E’ di questa parte immaginifica, privata, fisica,
sentimentale, cuore in mano, che getterebbe altra luce sul più concettuale e
cerebrare dei cine-avanguardisti sovietici, che si vuole occupare il regista
inglese/gallese, basandosi sull’adagio che “Senza Marx, senza Lenin e senza
Freud Eisenstein sarebbe certamente stato l’Oscar Wilde della Russia”. Una
inclinazione d’amore considerata un crimine in tutto il mondo civile e, dal
1936, entrerà nel codice penale perfino dell’Urss.

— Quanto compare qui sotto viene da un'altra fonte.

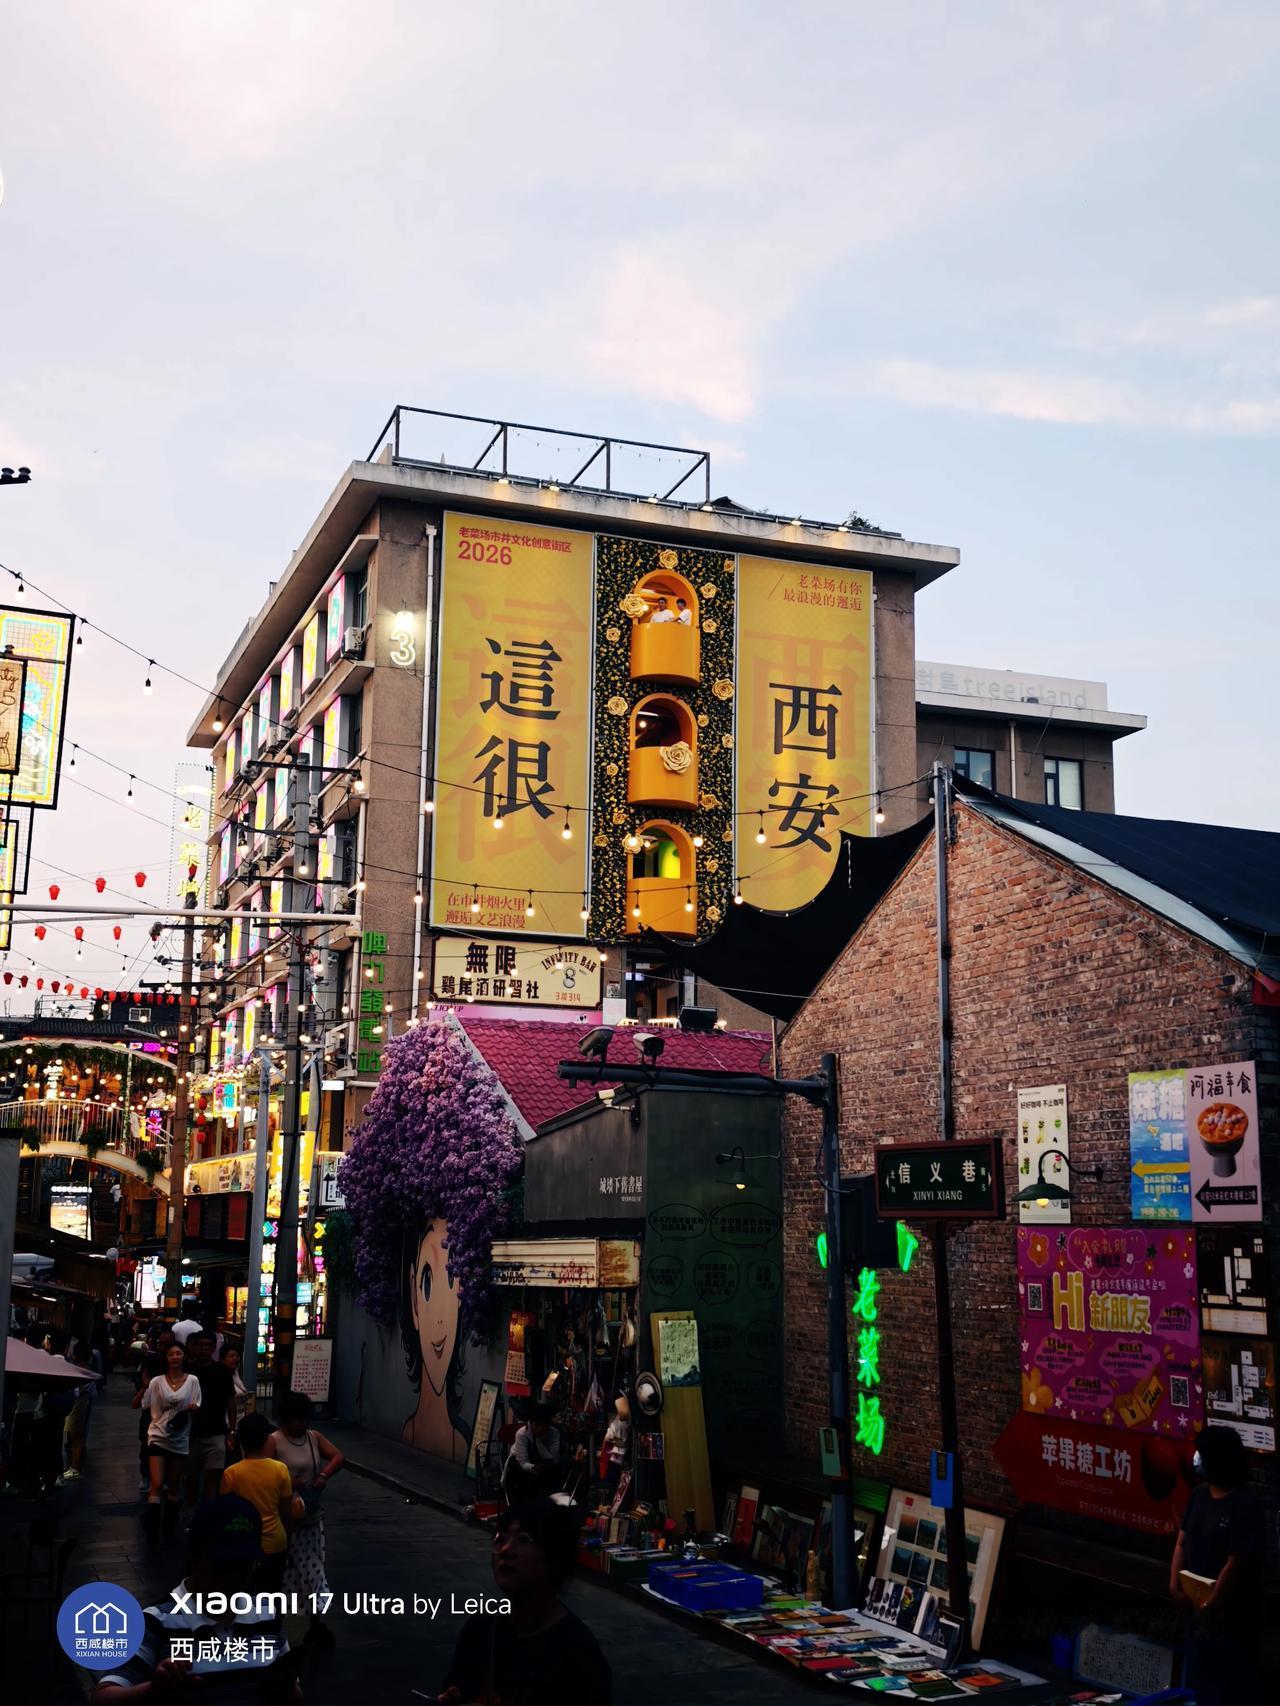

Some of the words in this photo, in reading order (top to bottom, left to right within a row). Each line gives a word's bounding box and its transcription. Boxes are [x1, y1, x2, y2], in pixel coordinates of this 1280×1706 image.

Però basterebbe leggere le
memorie di Eisenstein a pagina 304 per non cadere nella dicotomia tra registi
di testa e registi di cuore, tra cinema di cervello e cinema di fisico,
Eisenstein contro Pudovkin, Resnais contro Godard e Kubrick contro Cassavetes… perché
sono poli estremi di una stessa categoria (a cui appartiene proprio Greenaway,
in questo film almeno, quella degli onnivori di cultura che mangiano con la
bocca aperta): “la ratio sorpassa il sex” o “la base primaria degli impulsi è
più ampia di quella strettamente sessuale così come la vede Freud … ecco perché
mi attira lo strato del paralogico, di questo subcosciente che include la
sensualità ma che non è asservito al sesso”… Insomma troviamo un po’ superficiale
la semplificazione di un rapporto tutt’altro che liberatorio e definitivo. Se
questa volta Greenaway avesse parlato un po’ più di traverso, e meno cuore in
mano, fosse stato più sofisticato e cavilloso e cifrato, come di solito è,
forse la madre di tutte le scene sarebbe stata un po’ più mutevole, fantastica
e incoerente. Provocando quell’attimo di estasi che non c’è.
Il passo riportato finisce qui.